The Average pay of Britain’s Chief Executives has soared by an average of 168 per cent over the past five years, according to research by pay consultancy Independent Remuneration Solutions.
The total remuneration awarded to bosses of the UK's largest companies climbed an average 22 per cent a year in the five years to 2003, according to a joint survey carried out by IRS and proxy voting agency Manifest.
The findings are based on an analysis on data contained in the 2003 annual reports of 800 quoted companies.
The average salary, excluding pensions, of chief executives of companies turning over £10bn or more last year, was £2.6m. This was in comparison to £187,000 for the bosses of companies turning over less than £30m.
Two-thirds of the pay to chief executives of larger companies came from ‘performance’ incentives, IRS said, some of which were difficult to trace. Less than a fifth of the pay to CEOs of smaller companies was awarded this way.

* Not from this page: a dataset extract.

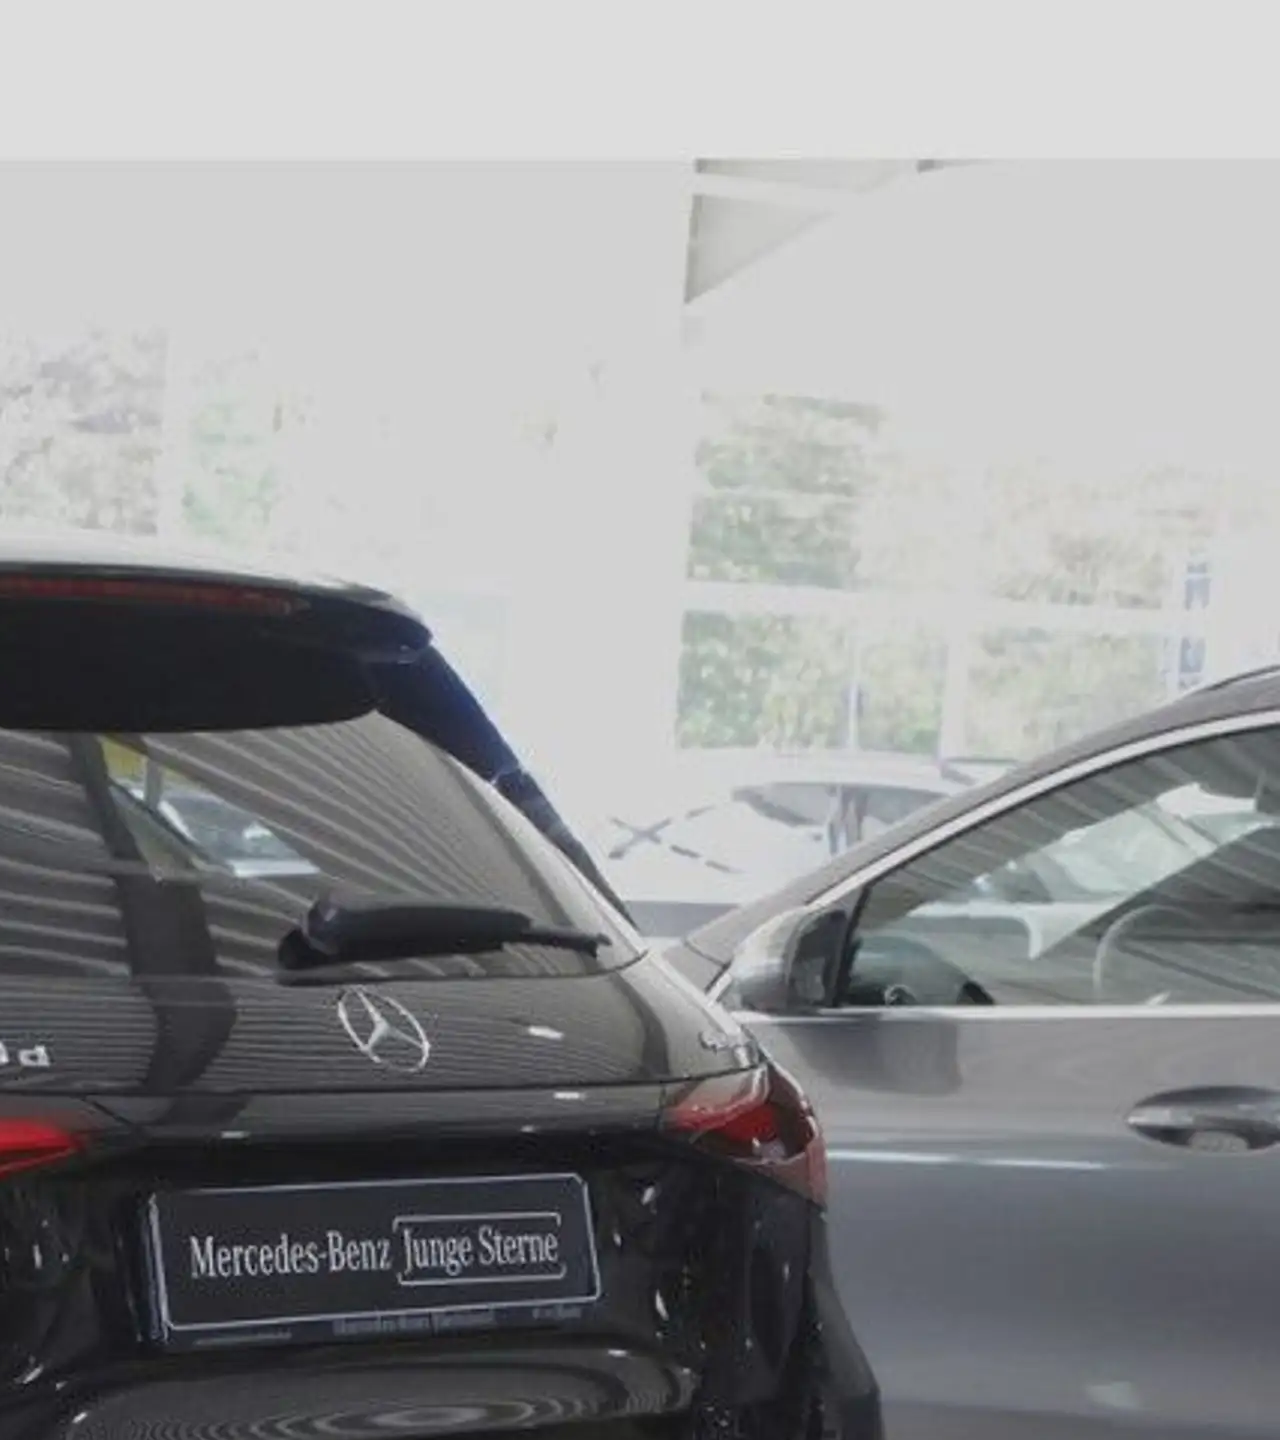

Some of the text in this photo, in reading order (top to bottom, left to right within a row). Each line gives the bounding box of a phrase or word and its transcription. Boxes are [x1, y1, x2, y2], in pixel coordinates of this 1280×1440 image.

Earlier this year, IRS reported that the bosses of the UK’s ten biggest companies saw their total remuneration packages rise by more than 12 times the rate of inflation in 2003. The bulk of these rises took the form of an array of benefits including bonuses, share options and pension contributions.
But closer examination of the nature of these benefits reveals that the link between pay and performance is nonsense.

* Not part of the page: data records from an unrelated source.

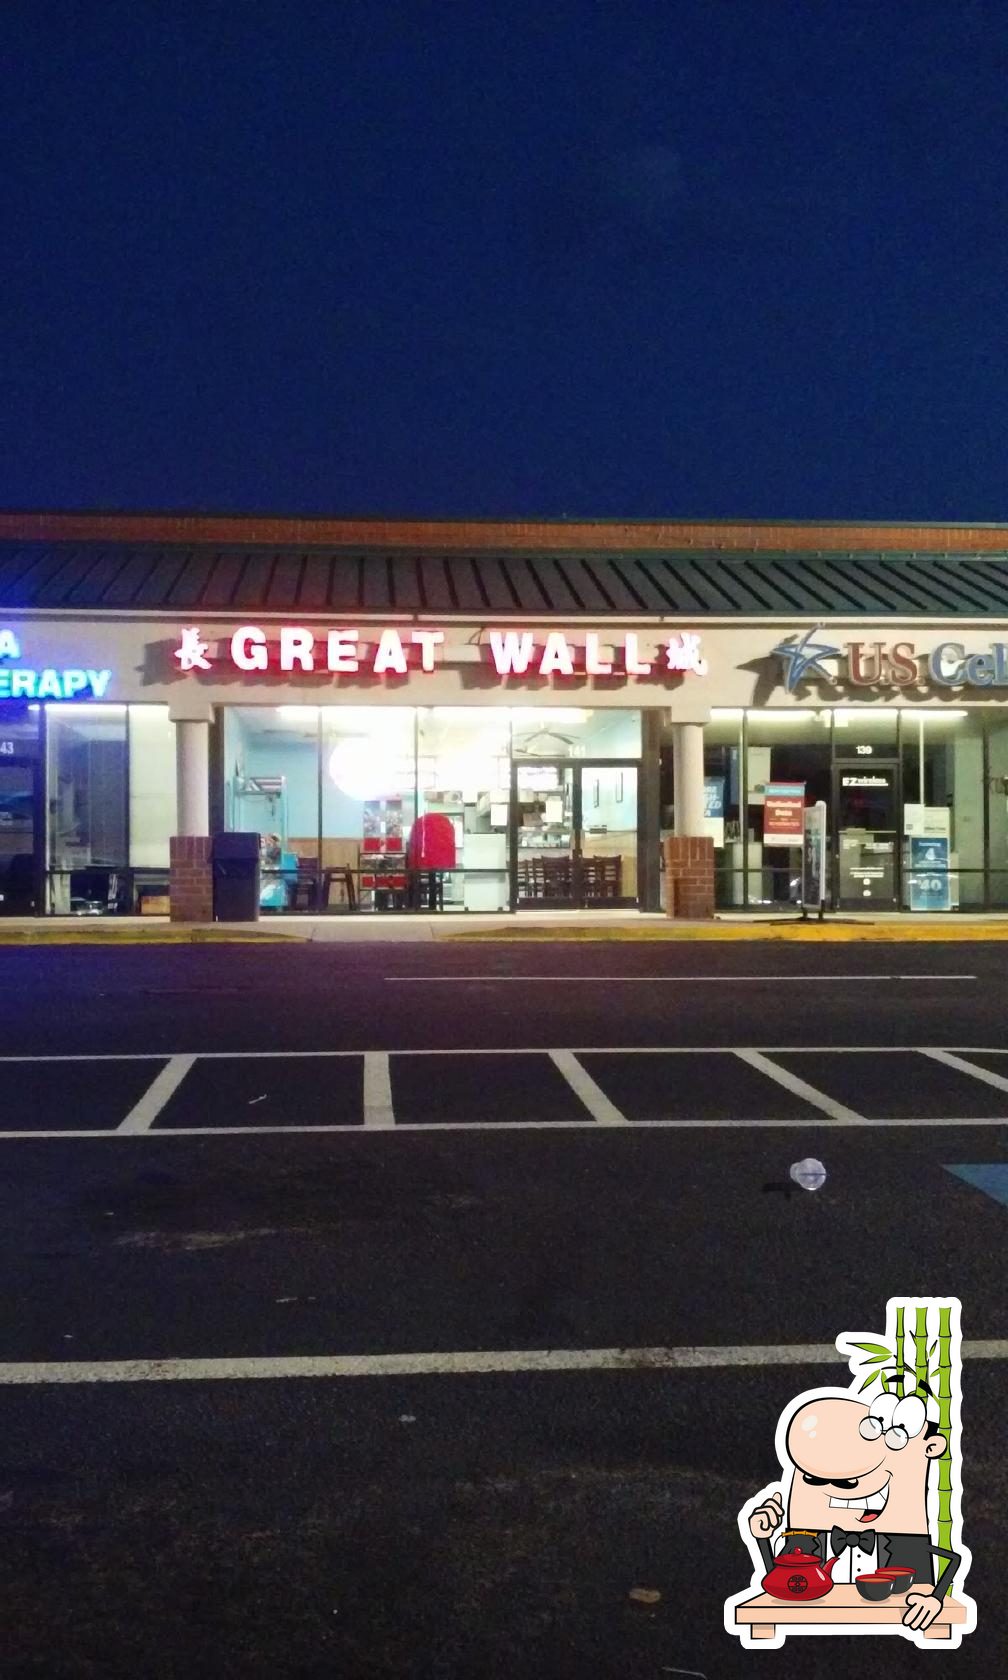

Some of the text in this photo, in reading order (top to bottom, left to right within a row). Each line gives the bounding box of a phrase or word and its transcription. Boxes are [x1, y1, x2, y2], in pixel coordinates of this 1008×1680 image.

[230, 626, 444, 673] GREAT
[489, 631, 651, 675] WALL
[845, 641, 926, 687] U.S.
[855, 744, 873, 755] 139
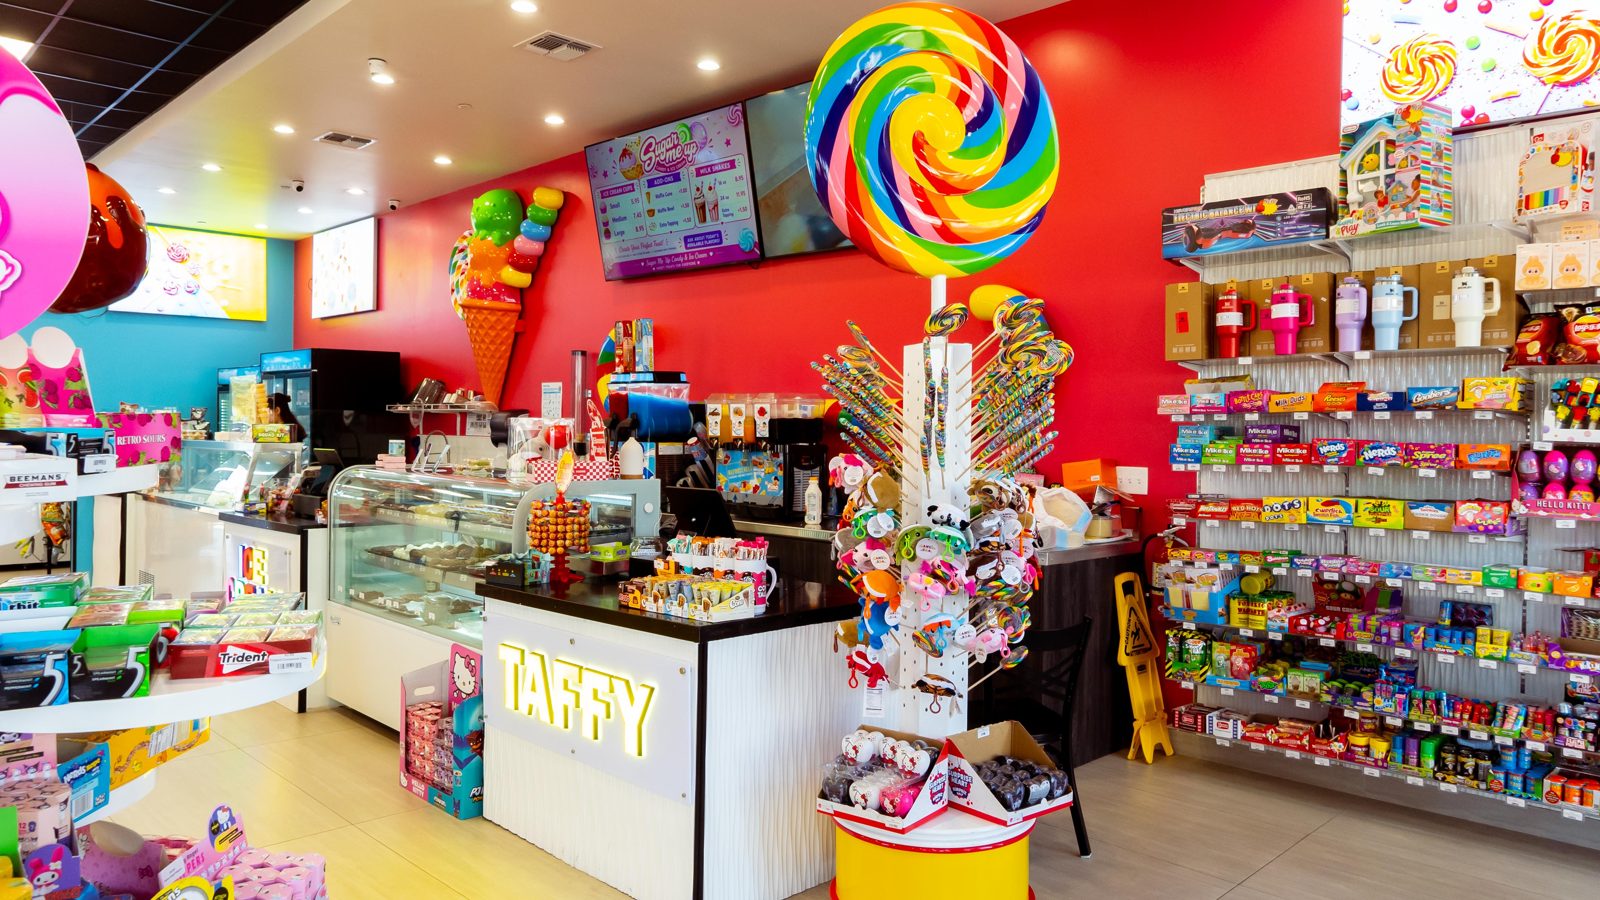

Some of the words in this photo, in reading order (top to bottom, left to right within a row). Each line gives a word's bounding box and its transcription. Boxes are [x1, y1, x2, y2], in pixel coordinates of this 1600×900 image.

[641, 132, 679, 172] Sugar
[666, 145, 683, 164] me
[684, 142, 699, 163] up
[1341, 224, 1358, 235] Play
[1290, 395, 1306, 404] Duds
[1413, 388, 1452, 404] Goobers
[68, 434, 77, 452] 5
[102, 430, 115, 454] 5
[117, 436, 142, 446] RETRO
[143, 434, 166, 444] SOURS
[1412, 451, 1447, 459] Spree
[9, 474, 62, 483] BEEMANS
[1263, 499, 1302, 512] DOTS
[1537, 500, 1564, 509] HELLO
[1567, 502, 1592, 510] KITTY
[238, 544, 268, 584] ICE
[220, 652, 268, 664] Trident
[72, 656, 82, 674] 5
[122, 647, 148, 698] 5
[40, 654, 66, 706] 5
[498, 643, 656, 757] TAFFY
[948, 770, 972, 783] SURPRISE
[951, 777, 968, 787] HEART
[412, 779, 425, 790] HELLO
[412, 786, 424, 798] KITTY
[470, 786, 481, 798] PJ

Indeed, an analysis of the relationship between pay and profitability by market historian David Schwartz revealed that in the UK at least, the more the boss gets paid, the worse the company tends to perform.
And last year, executive compensation consultancy, Halliwell Consulting found that more than six out of ten FTSE 100 companies offer long-term incentives, often worth more than twice a Directors salary, on the basis of profit growth performance. But eight out of ten of these firms - 43 companies - had ‘incentives’ which would be given to Directors even if they fail to meet analyst expectations.
The IRS report also comes only days after supermarket giant Sainsbury’s awarded its Chairman ‘performance-related’ share options worth 2.4 million despite his presiding over an 8.5 per cent drop in annual profits.
IRS director Cliff Weight, the report's author, blamed the government for not forcing companies to detail share options, long-term incentive plans and pension awards alongside pay and bonuses in company annual reports.
"There is no incentive for companies to clearly disclose total remuneration awarded," he said.
"Because of a lack of transparency and the complex pay plans pushed by some advisers, total remuneration awarded to chief executives has soared without many realising it."